*** EXTRACTED DATA

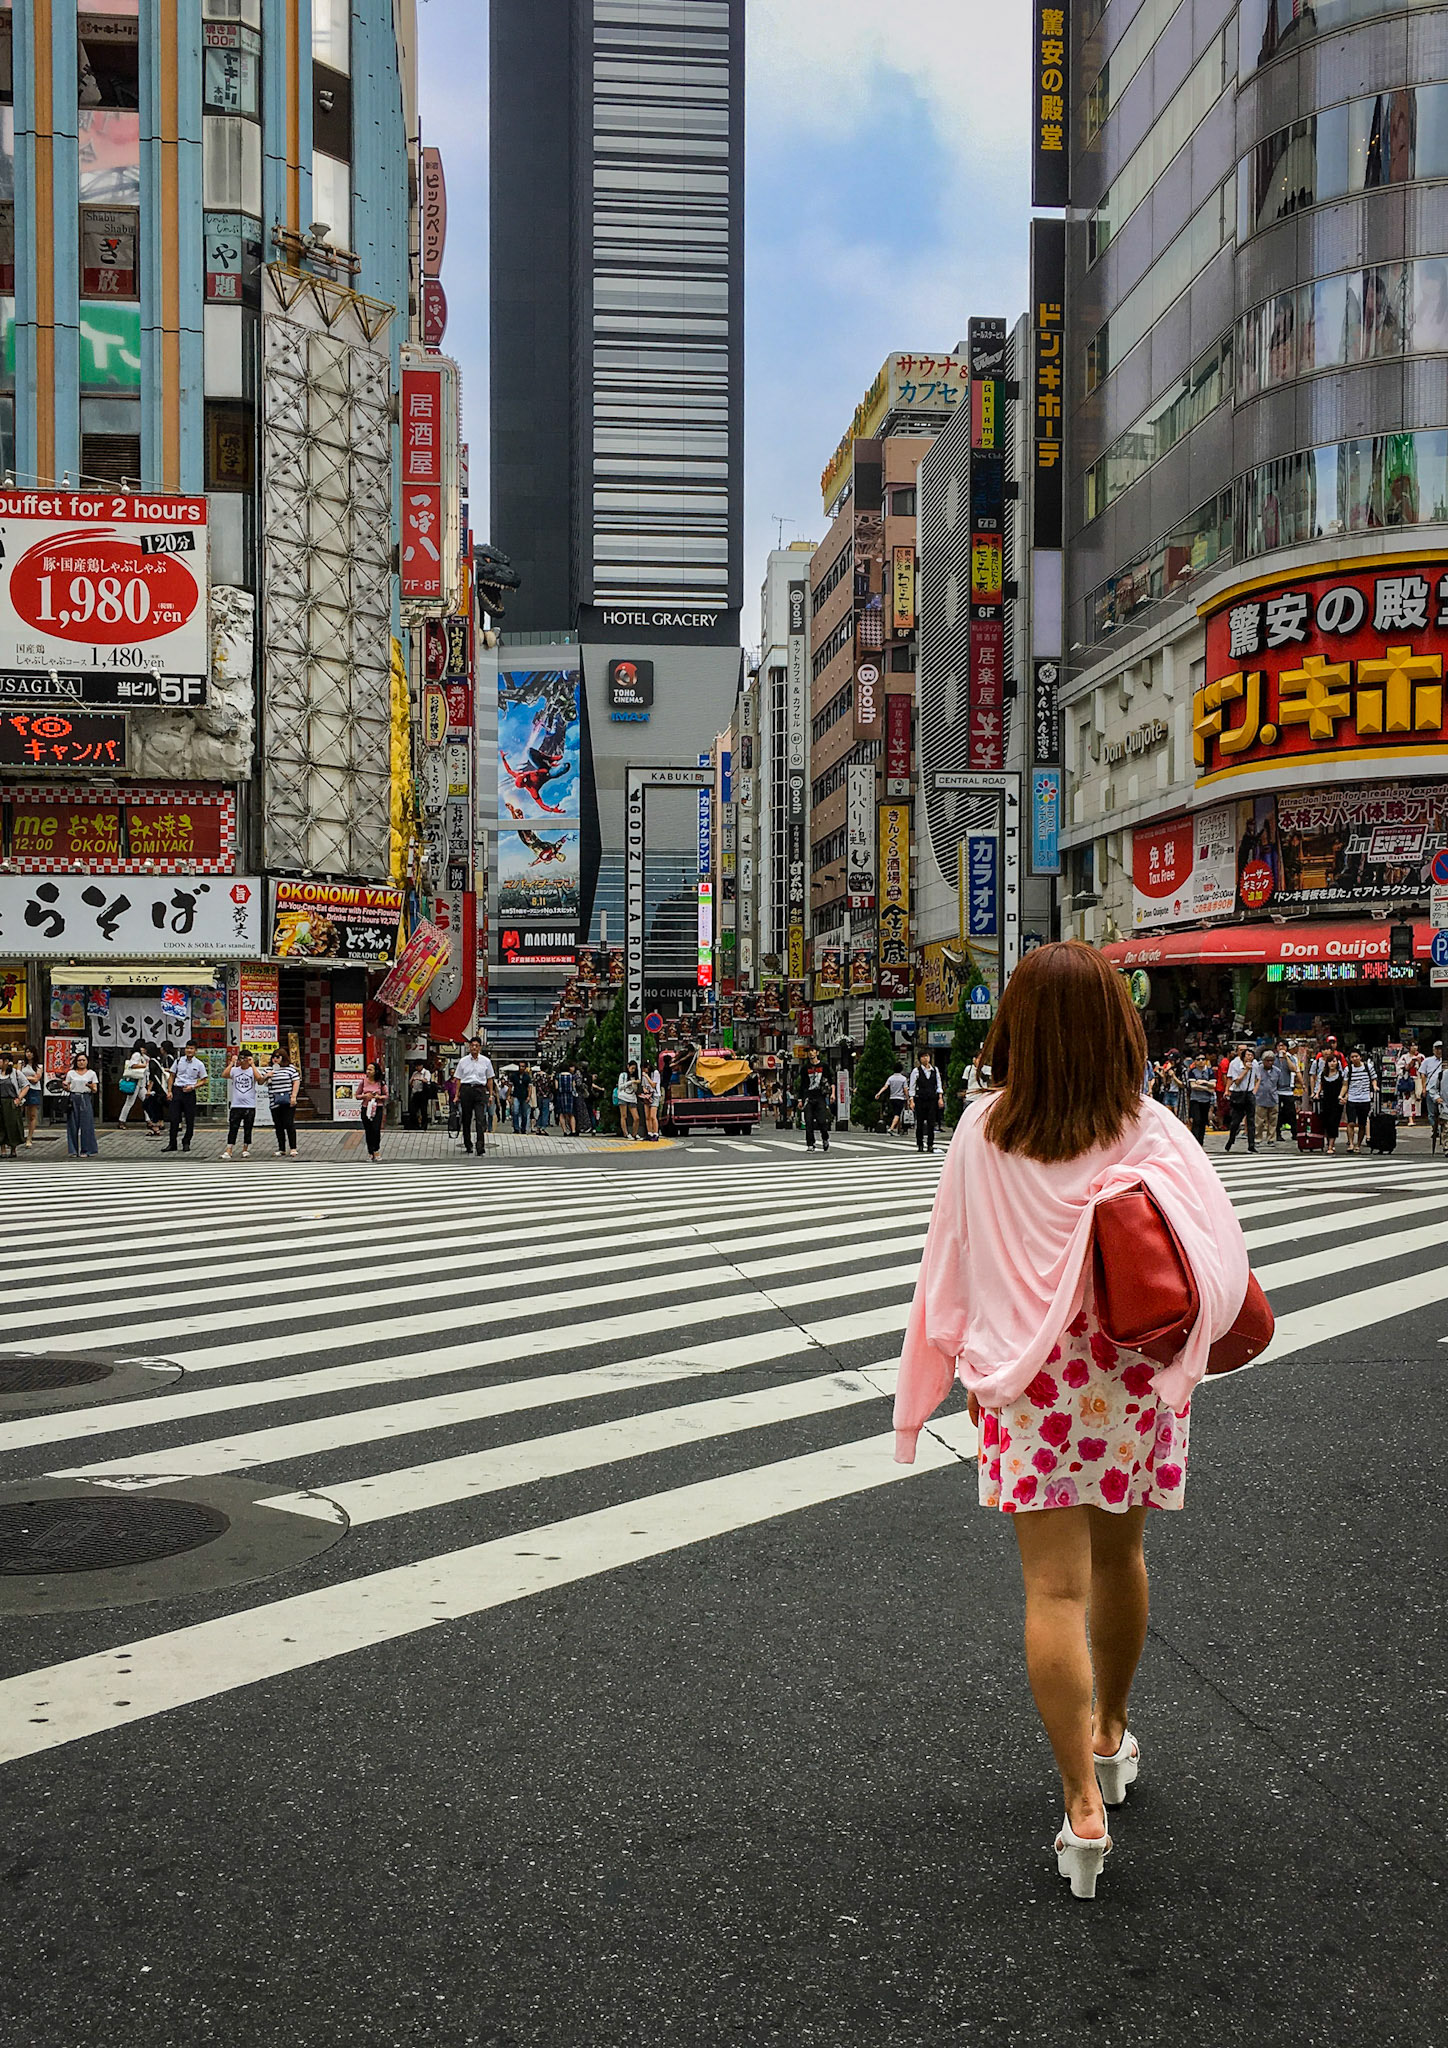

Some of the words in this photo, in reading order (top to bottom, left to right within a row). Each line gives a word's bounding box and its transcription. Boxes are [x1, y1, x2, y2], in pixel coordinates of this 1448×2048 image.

[207, 35, 235, 46] 100円
[1040, 8, 1064, 152] 驚安の殿堂
[86, 213, 116, 222] Shabu
[104, 223, 135, 234] Shabu
[212, 243, 238, 269] や
[215, 274, 236, 297] 題
[896, 354, 959, 379] サウナ
[959, 364, 968, 378] &
[409, 393, 433, 475] 居酒屋
[70, 496, 104, 517] for
[111, 498, 127, 518] 2
[134, 499, 201, 521] hours
[403, 493, 440, 562] つぼ八
[980, 520, 996, 528] 7F
[145, 533, 191, 554] 120分
[43, 557, 167, 574] 豚・国産鶏しゃぶしゃぶ
[35, 575, 151, 629] 1,980
[791, 590, 803, 628] Booth
[153, 610, 182, 625] yen
[603, 612, 650, 625] HOTEL
[652, 612, 718, 627] GRACERY
[978, 606, 995, 618] 6F
[898, 629, 910, 637] 6F
[16, 643, 45, 654] 国産鶏
[91, 647, 143, 668] 1,480
[143, 658, 165, 669] yen
[16, 654, 87, 667] しゃぶしゃぶコース
[977, 647, 996, 705] 居楽屋
[117, 681, 157, 697] 当ビル
[160, 678, 201, 703] 5F
[857, 664, 880, 724] Booth
[610, 712, 650, 722] IMAX
[1104, 743, 1122, 766] Don
[1125, 722, 1163, 753] Quijote
[453, 785, 463, 793] 3F
[938, 777, 980, 785] CENTRAL
[982, 777, 1007, 785] ROAD
[790, 776, 803, 814] Booth
[1278, 795, 1319, 808] Attraction
[1321, 793, 1343, 804] built
[1343, 791, 1359, 802] for
[1360, 791, 1367, 799] a
[1367, 788, 1391, 799] real
[1391, 787, 1411, 800] spy
[429, 806, 439, 814] 1F
[850, 767, 867, 846] バリバリ鶏
[1278, 796, 1448, 832] 本格スパイ体験アト
[14, 816, 58, 836] me
[15, 838, 53, 850] 12:00
[887, 810, 901, 885] きんくら酒場
[629, 805, 641, 923] GODZILLA
[1149, 841, 1175, 870] 免税
[502, 878, 577, 889] スパイダーマン
[972, 840, 994, 932] カラオケ
[1149, 871, 1161, 885] Tax
[1161, 869, 1175, 883] Free
[236, 887, 245, 901] 旨
[278, 882, 360, 905] OKONOMI
[364, 889, 403, 907] YAKI
[531, 896, 546, 906] 8.11
[852, 896, 870, 908] B1
[1273, 883, 1438, 902] 「ドンキ看板を見た」でアトラクション
[0, 881, 211, 941] らそば
[277, 901, 328, 913] All-You-Can-Eat
[328, 905, 348, 914] dinner
[348, 906, 362, 914] with
[362, 907, 401, 918] Free-Flowing
[326, 912, 347, 922] Drinks
[347, 914, 356, 922] for
[361, 916, 380, 924] hours
[791, 907, 802, 915] 4F
[791, 915, 802, 923] 3F
[524, 932, 575, 947] MARUHAN
[880, 903, 909, 965] 金の蔵
[1124, 951, 1138, 964] Don
[1138, 949, 1162, 965] Quijote
[1280, 942, 1319, 957] Don
[1325, 939, 1391, 959] Quijot
[629, 935, 641, 992] ROAD
[881, 970, 900, 986] 2F
[163, 986, 187, 1006] 氷
[644, 989, 658, 998] HO
[660, 989, 704, 998] CINEMAS
[242, 997, 277, 1011] 2,700円
[98, 1015, 190, 1039] とらそば
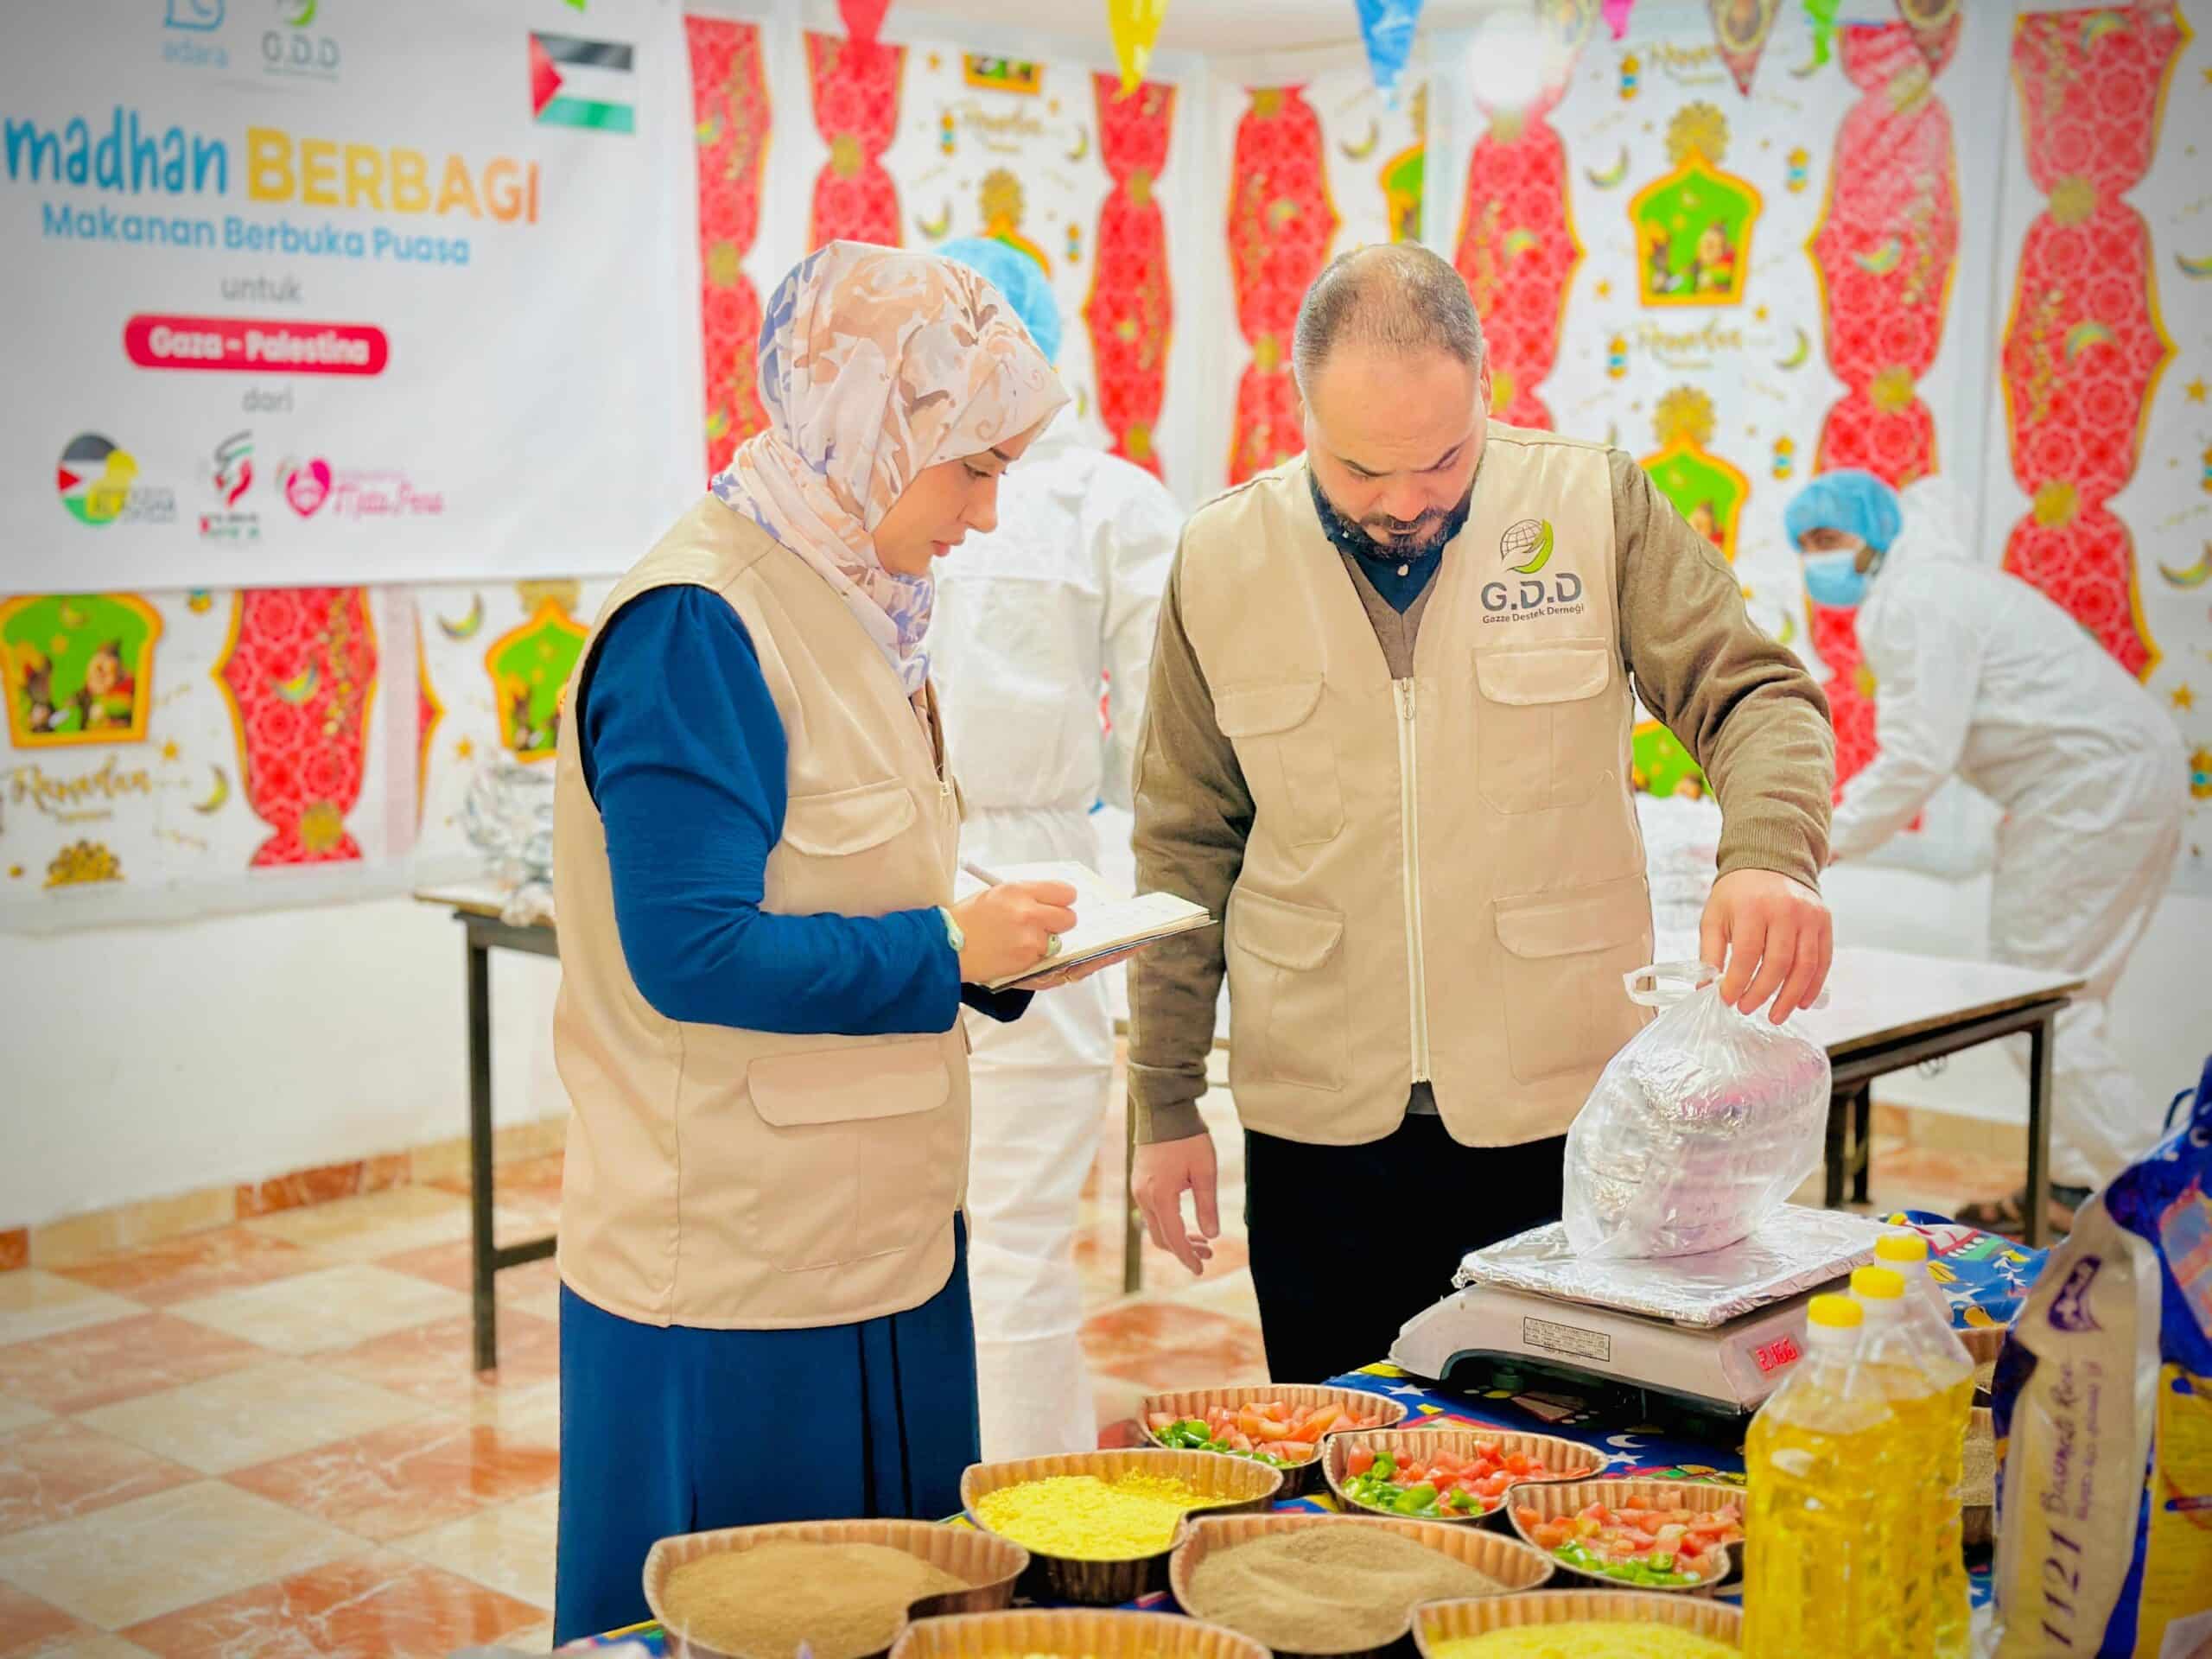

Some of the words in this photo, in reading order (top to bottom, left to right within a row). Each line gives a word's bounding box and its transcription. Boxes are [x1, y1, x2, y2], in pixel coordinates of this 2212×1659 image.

[4, 104, 228, 195] madhan
[247, 125, 539, 226] BERBAGI
[41, 202, 216, 247] Makanan
[223, 214, 366, 257] Berbuka
[372, 225, 470, 265] Puasa
[221, 273, 301, 302] untuk
[149, 325, 224, 359] Gaza
[245, 328, 370, 365] Palestina
[241, 386, 294, 412] dari
[1481, 573, 1581, 612] G.D.D
[1482, 614, 1510, 624] Gazze
[1512, 608, 1545, 621] Destek
[2040, 1526, 2082, 1649] 1121

******

▸ WHAT YOU NEED TO DO
Looking at the data, how many lines hold the string "Free"? Reply with the number alone.

▸ RESPONSE TO THE TASK
2